While some may receive a few trinkets and others millions of dollars, the median inheritance will be between $50,000 and $100,000, according to a survey by Interest.com.

Handling new and unexpected wealth may sound wonderful, but can be a financial challenge. We asked financial experts to assess the decisions of three different beneficiaries:

WELCOME BOOST

For Brooks, a 55-year-old marketing consultant from the San Francisco area, the money significantly improved his quality of life.

At first, he deposited the check into a managed portfolio that his bank recommended. This was just before the market crash in 2008. Frustrated when the portfolio didn’t budge, Brooks rolled the money into a certificate of deposit, which turned out to be fortuitous.

“When the market crashed, I thought, wow, I must have a guardian angel,” he says.

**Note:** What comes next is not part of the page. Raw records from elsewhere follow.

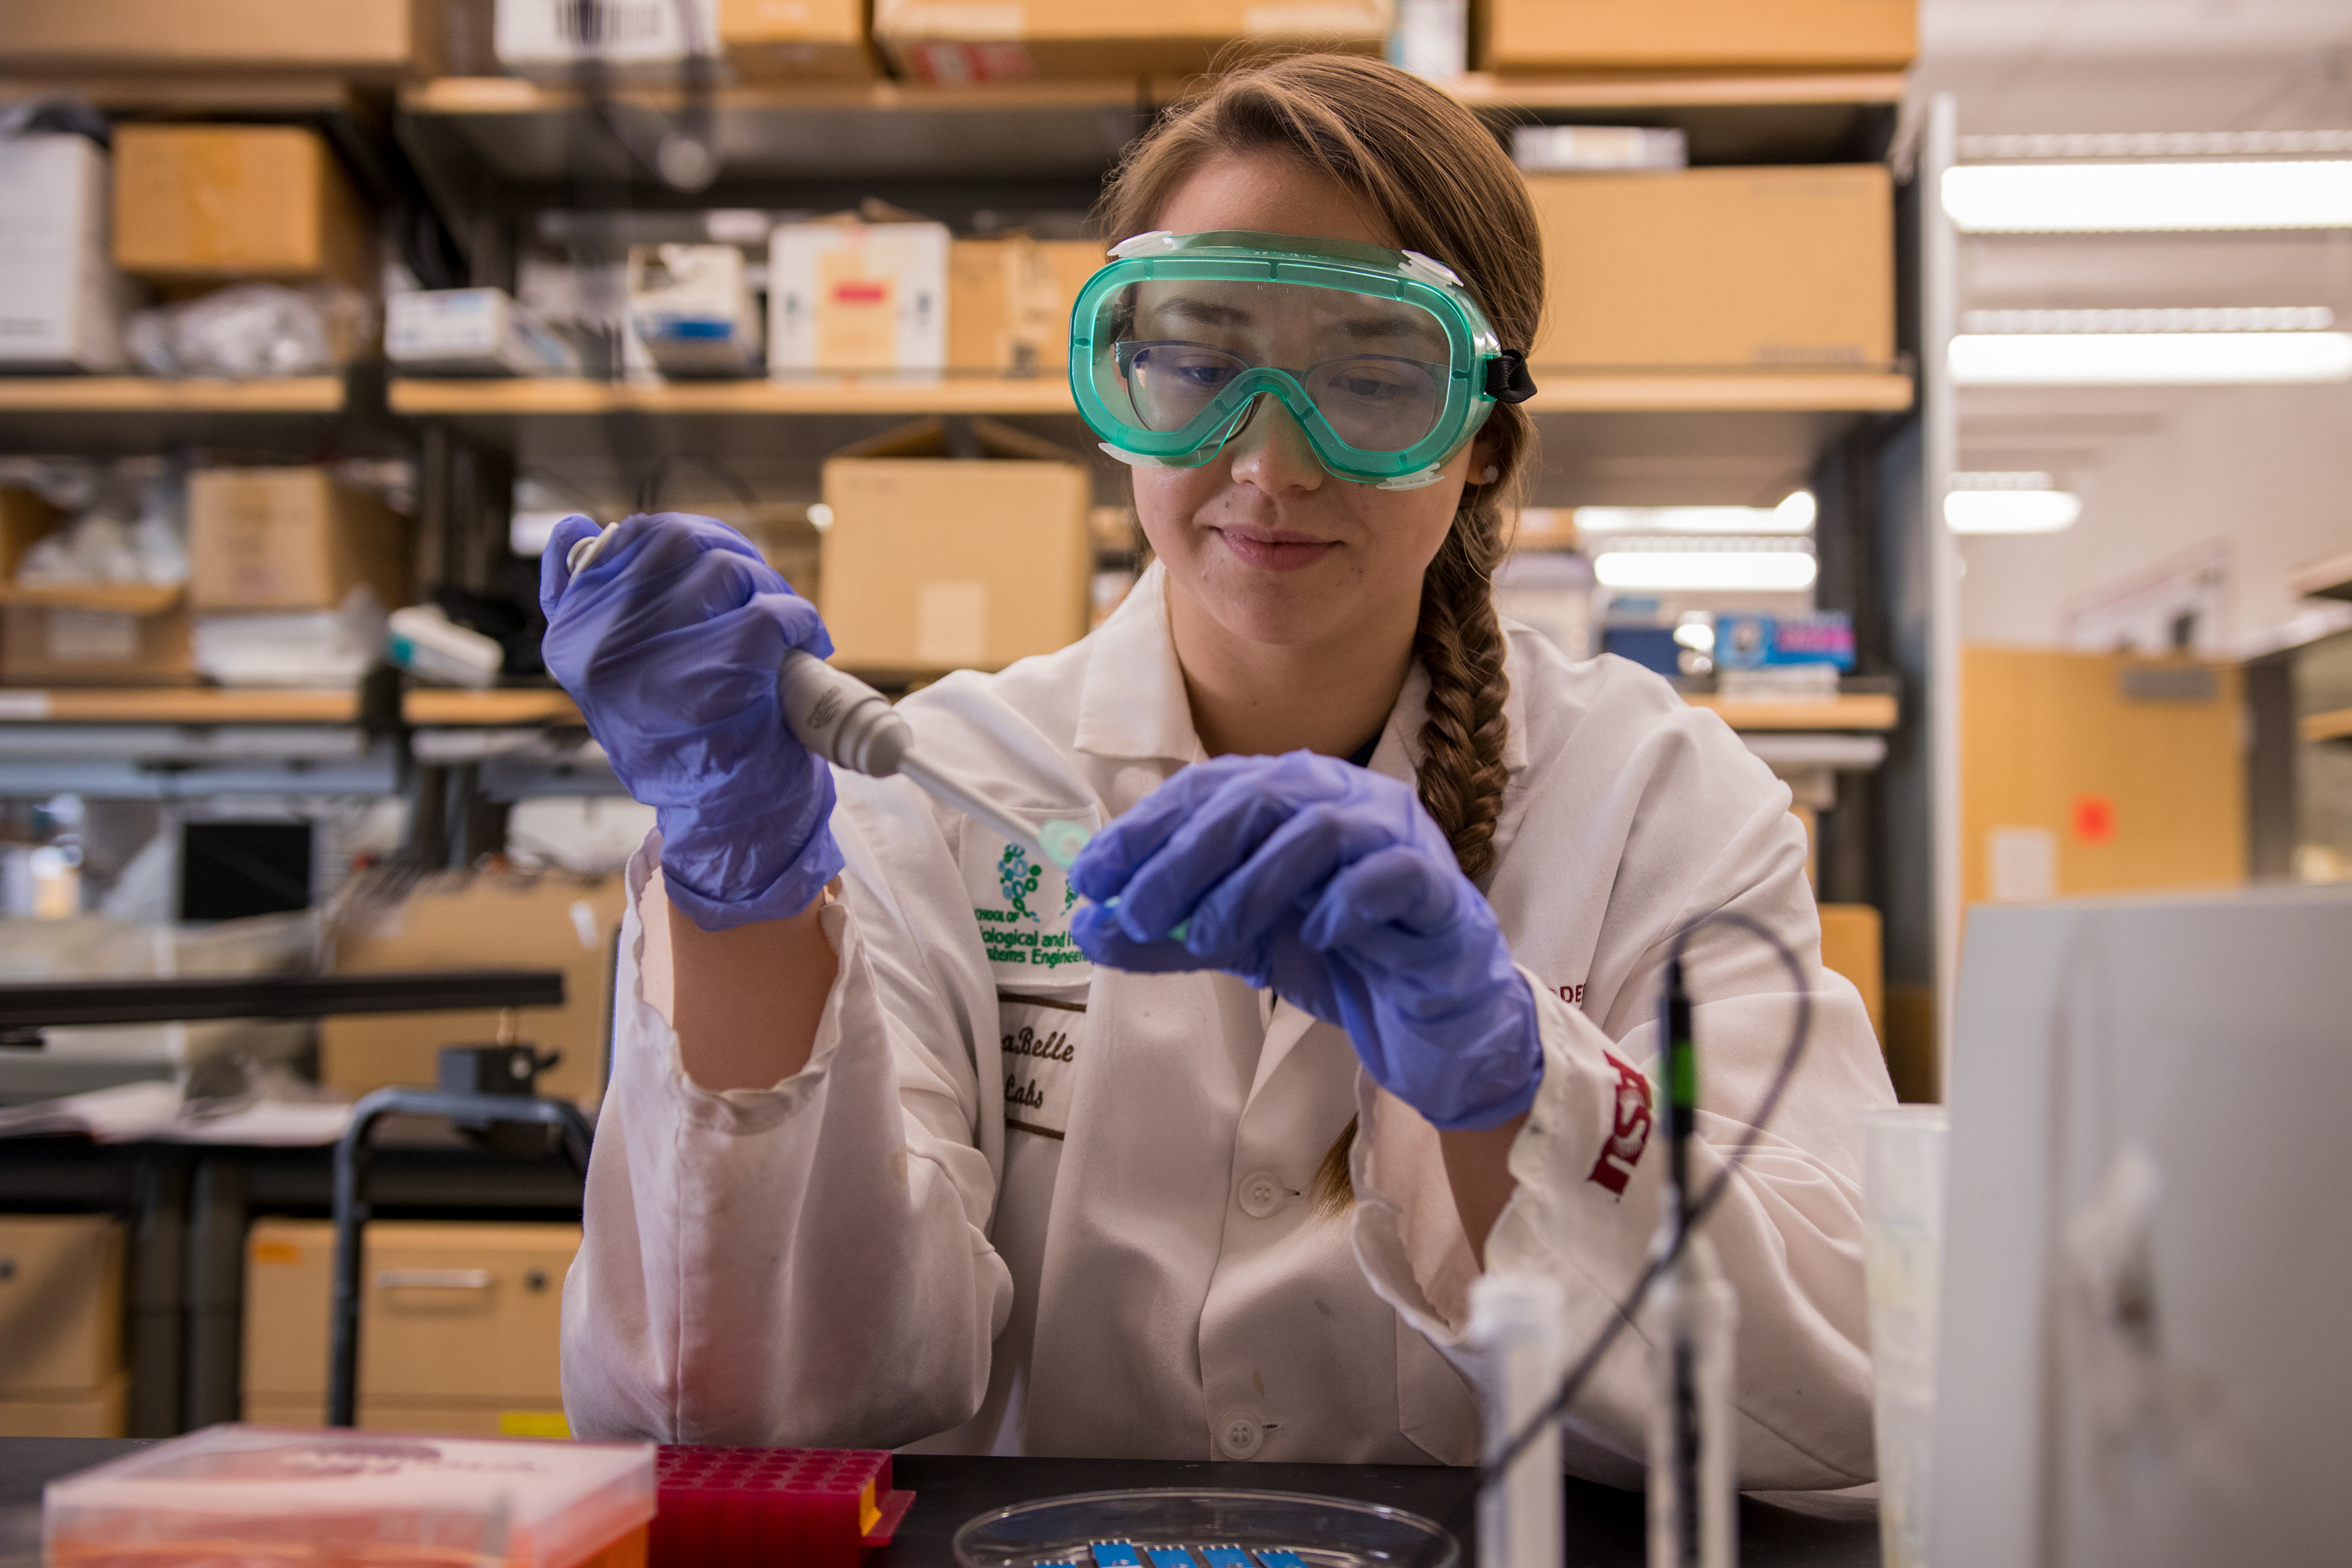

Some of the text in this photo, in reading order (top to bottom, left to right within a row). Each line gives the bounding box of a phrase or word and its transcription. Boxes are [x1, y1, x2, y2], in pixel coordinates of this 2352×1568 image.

[1006, 911, 1019, 923] OF
[979, 925, 1038, 948] ological
[1041, 930, 1066, 948] and
[986, 944, 1026, 963] stems
[1001, 1026, 1074, 1063] aBelle

Brooks decided that real estate was the biggest risk he could stomach, and he found an old Victorian house to buy for himself in nearby Vallejo for $97,000.

Indeed, buying a house is one of the most common financial moves people make with new money, according to Susan Bradley, a financial planner and founder of the Sudden Money Institute, based in Palm Beach Gardens, Fla., who specializes in helping people manage newfound wealth.

“If your inheritance increases your sense of home and safety, that’s a really lovely thing to do with it,” Bradley says.

Her caveat is that this works only if you’re able to handle the upkeep on the house, which Brooks has been able to do just fine.

A SPLURGE (OR TWO)

By contrast, John Kerecz, a 52-year-old environmental engineer in Harrisburg, Pa., went on a spending spree after he inherited about $160,000, plus a broken-down house, when his father died two years ago.

Because his father had his paperwork in order, Kerecz was able to quickly access the cash. He hired a lawyer based on the recommendation of a family friend, got the death certificate, and had a payout from the insurance company within a couple of weeks.

Then he embarked on a series of trips to Europe, Nashville, and New Orleans with his mother, who was in declining health, and eventually spent about $100,000.

What remained went toward a new home for Kerecz and his mother, who now suffers from dementia. He is trying to sell his parents’ original home and intends to invest the proceeds from that sale.

“I feel bad that I kind of blew it, but I wanted my mother to enjoy life while she could,” he says.

It may seem irresponsible, but using an inheritance to make memories has intrinsic value, says Bradley.

“Sometimes you can meet that purpose without spending $100,000,” notes Bradley, who says she would have coached him to take a little more time to figure out how to build those memories with just $60,000.

IN OVER YOUR HEAD

Many inheritors get in even further over their heads, especially if the money comes when they are young.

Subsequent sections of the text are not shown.